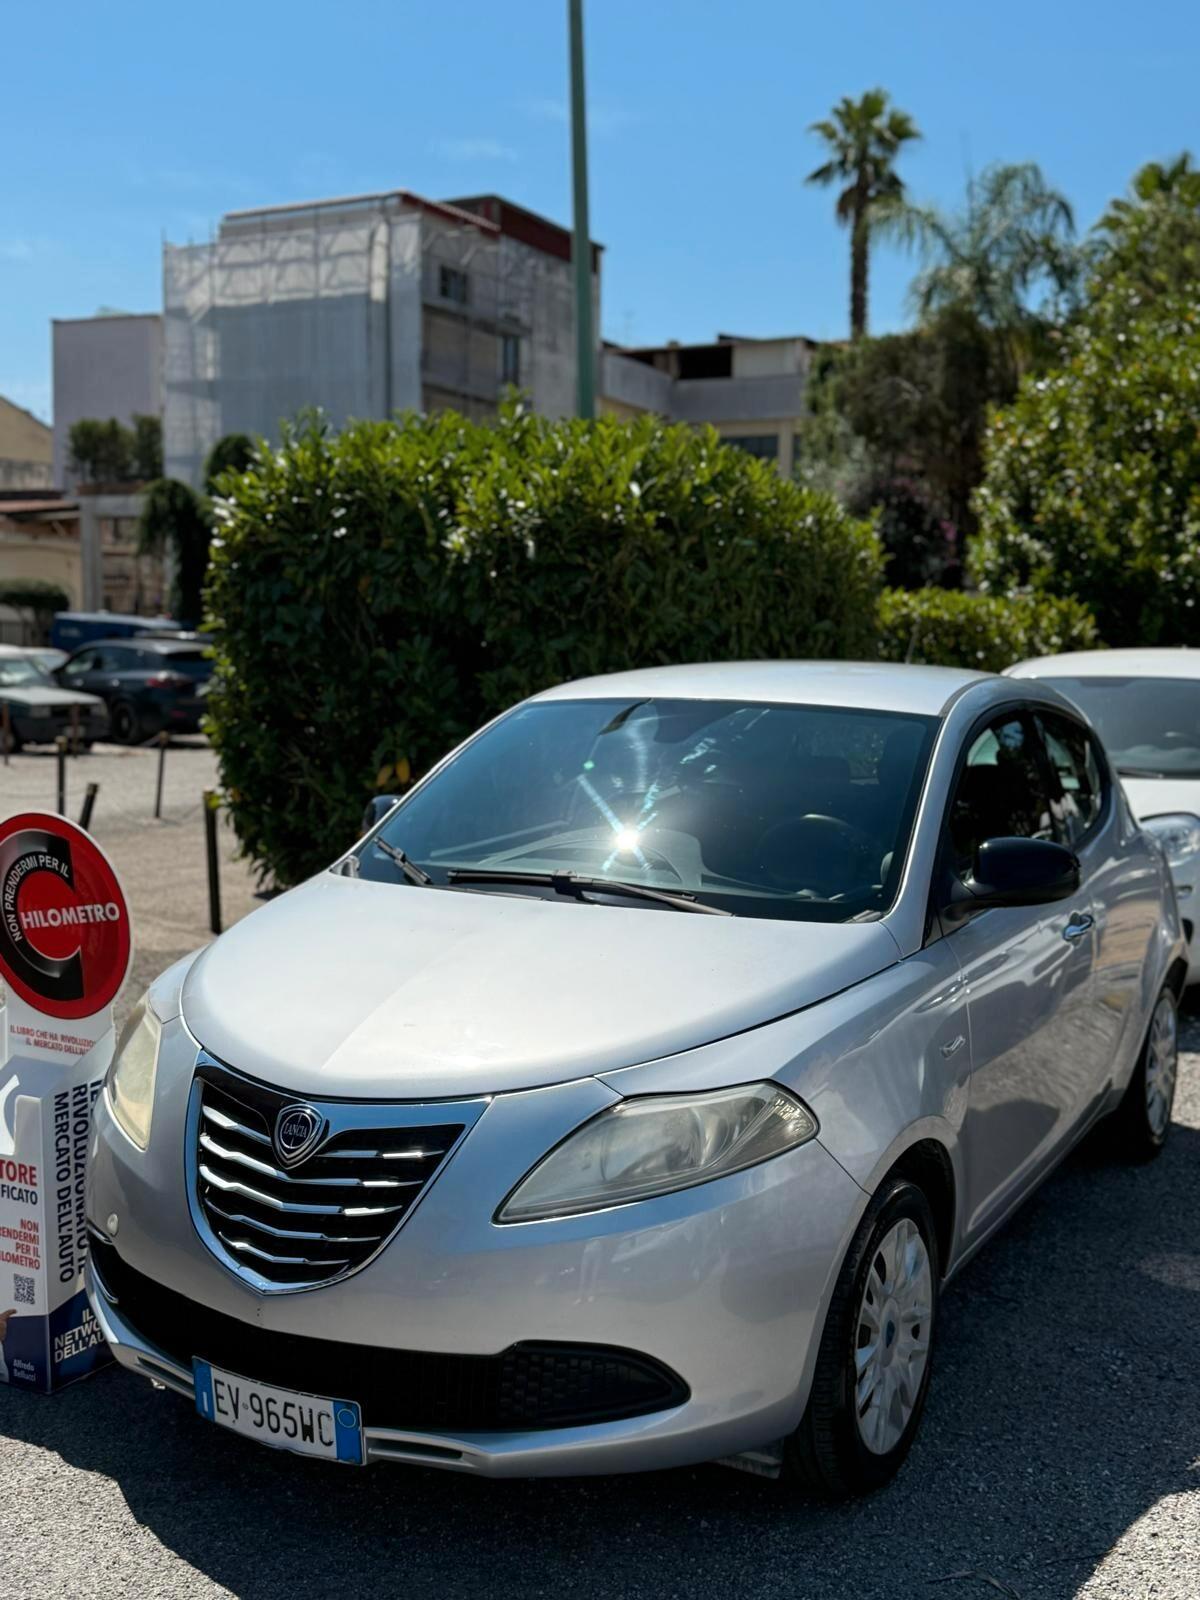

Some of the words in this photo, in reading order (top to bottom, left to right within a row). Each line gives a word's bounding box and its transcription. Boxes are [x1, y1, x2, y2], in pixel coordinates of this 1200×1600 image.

[38, 854, 59, 871] PER
[60, 862, 69, 878] IL
[5, 855, 38, 911] PRENDERMI
[7, 914, 22, 941] NON
[17, 1026, 35, 1037] LIBRO
[36, 1029, 48, 1039] CHE
[33, 1038, 63, 1052] MERCATO
[54, 1091, 71, 1183] MERCATO
[1, 1184, 38, 1206] FICATO
[20, 1218, 39, 1233] NON
[57, 1185, 75, 1283] DELL'AUTO
[15, 1242, 31, 1255] PER
[32, 1246, 41, 1258] IL
[82, 1308, 94, 1323] IL
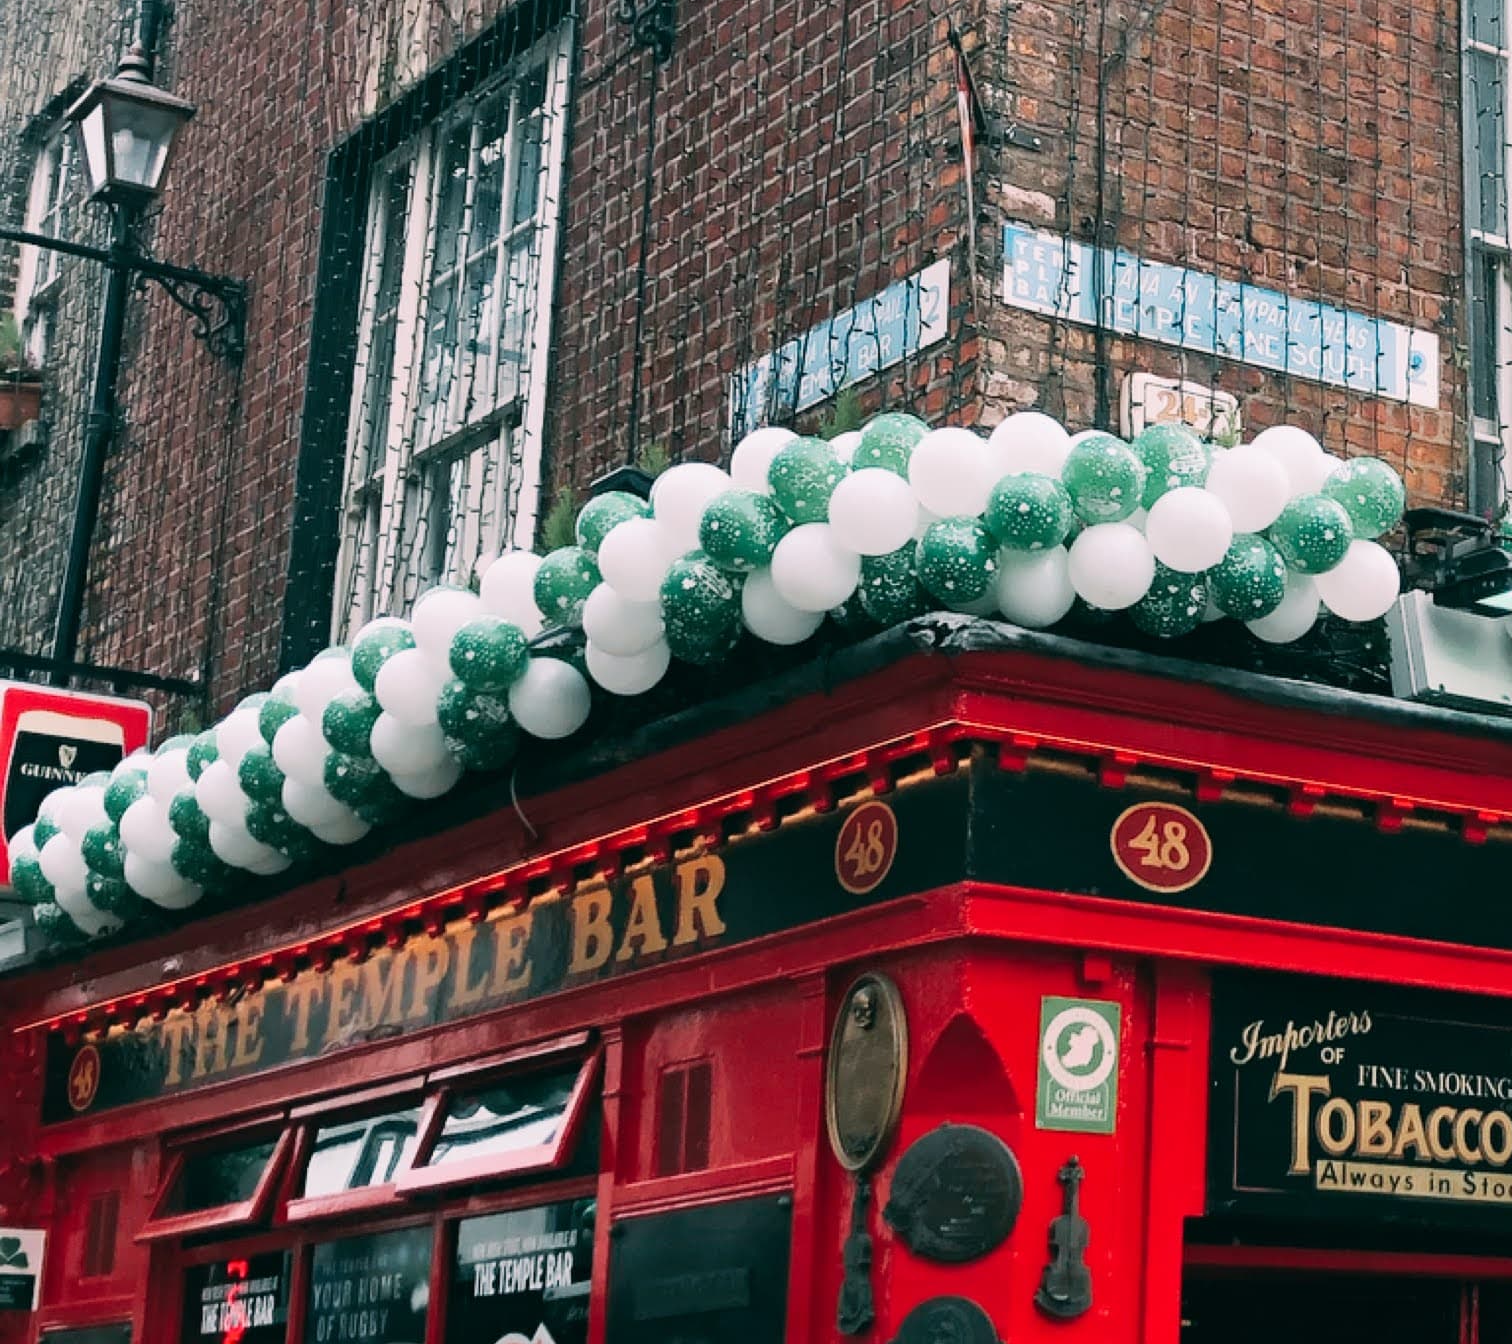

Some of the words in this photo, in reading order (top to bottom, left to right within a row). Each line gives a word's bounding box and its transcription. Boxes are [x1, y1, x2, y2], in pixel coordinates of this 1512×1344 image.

[840, 816, 886, 878] 48
[1127, 813, 1191, 871] 48
[160, 994, 266, 1087] THE
[282, 912, 534, 1052] TEMPLE
[567, 852, 728, 977] BAR
[1229, 1009, 1373, 1073] Importers
[1320, 1046, 1346, 1065] OF
[1356, 1063, 1410, 1091] FINE
[1049, 1102, 1104, 1120] Member
[1055, 1088, 1102, 1105] Official
[1319, 1161, 1414, 1193] Always
[1428, 1171, 1451, 1195] in
[313, 1279, 353, 1311] YOUR
[358, 1272, 403, 1305] HOME
[473, 1262, 496, 1297] THE
[498, 1254, 544, 1295] TEMPLE
[545, 1250, 574, 1289] BAR
[316, 1314, 336, 1343] OF

TASK:
Print the complete listing exactly as it stands, without its pictures.

FINISHED EXERCISE:
Some of the words in this photo, in reading order (top to bottom, left to right within a row). Each line gives a word's bounding box and its transcription. Boxes are [x1, y1, x2, y2], in pixel coordinates of this 1200×1600 image.

[38, 854, 59, 871] PER
[60, 862, 69, 878] IL
[5, 855, 38, 911] PRENDERMI
[7, 914, 22, 941] NON
[17, 1026, 35, 1037] LIBRO
[36, 1029, 48, 1039] CHE
[33, 1038, 63, 1052] MERCATO
[54, 1091, 71, 1183] MERCATO
[1, 1184, 38, 1206] FICATO
[20, 1218, 39, 1233] NON
[57, 1185, 75, 1283] DELL'AUTO
[15, 1242, 31, 1255] PER
[32, 1246, 41, 1258] IL
[82, 1308, 94, 1323] IL

Some of the words in this photo, in reading order (top to bottom, left to right within a row). Each line gives a word's bounding box and its transcription. Boxes are [x1, y1, x2, y2], in pixel coordinates of this 1512×1344 image.

[840, 816, 886, 878] 48
[1127, 813, 1191, 871] 48
[160, 994, 266, 1087] THE
[282, 912, 534, 1052] TEMPLE
[567, 852, 728, 977] BAR
[1229, 1009, 1373, 1073] Importers
[1320, 1046, 1346, 1065] OF
[1356, 1063, 1410, 1091] FINE
[1049, 1102, 1104, 1120] Member
[1055, 1088, 1102, 1105] Official
[1319, 1161, 1414, 1193] Always
[1428, 1171, 1451, 1195] in
[313, 1279, 353, 1311] YOUR
[358, 1272, 403, 1305] HOME
[473, 1262, 496, 1297] THE
[498, 1254, 544, 1295] TEMPLE
[545, 1250, 574, 1289] BAR
[316, 1314, 336, 1343] OF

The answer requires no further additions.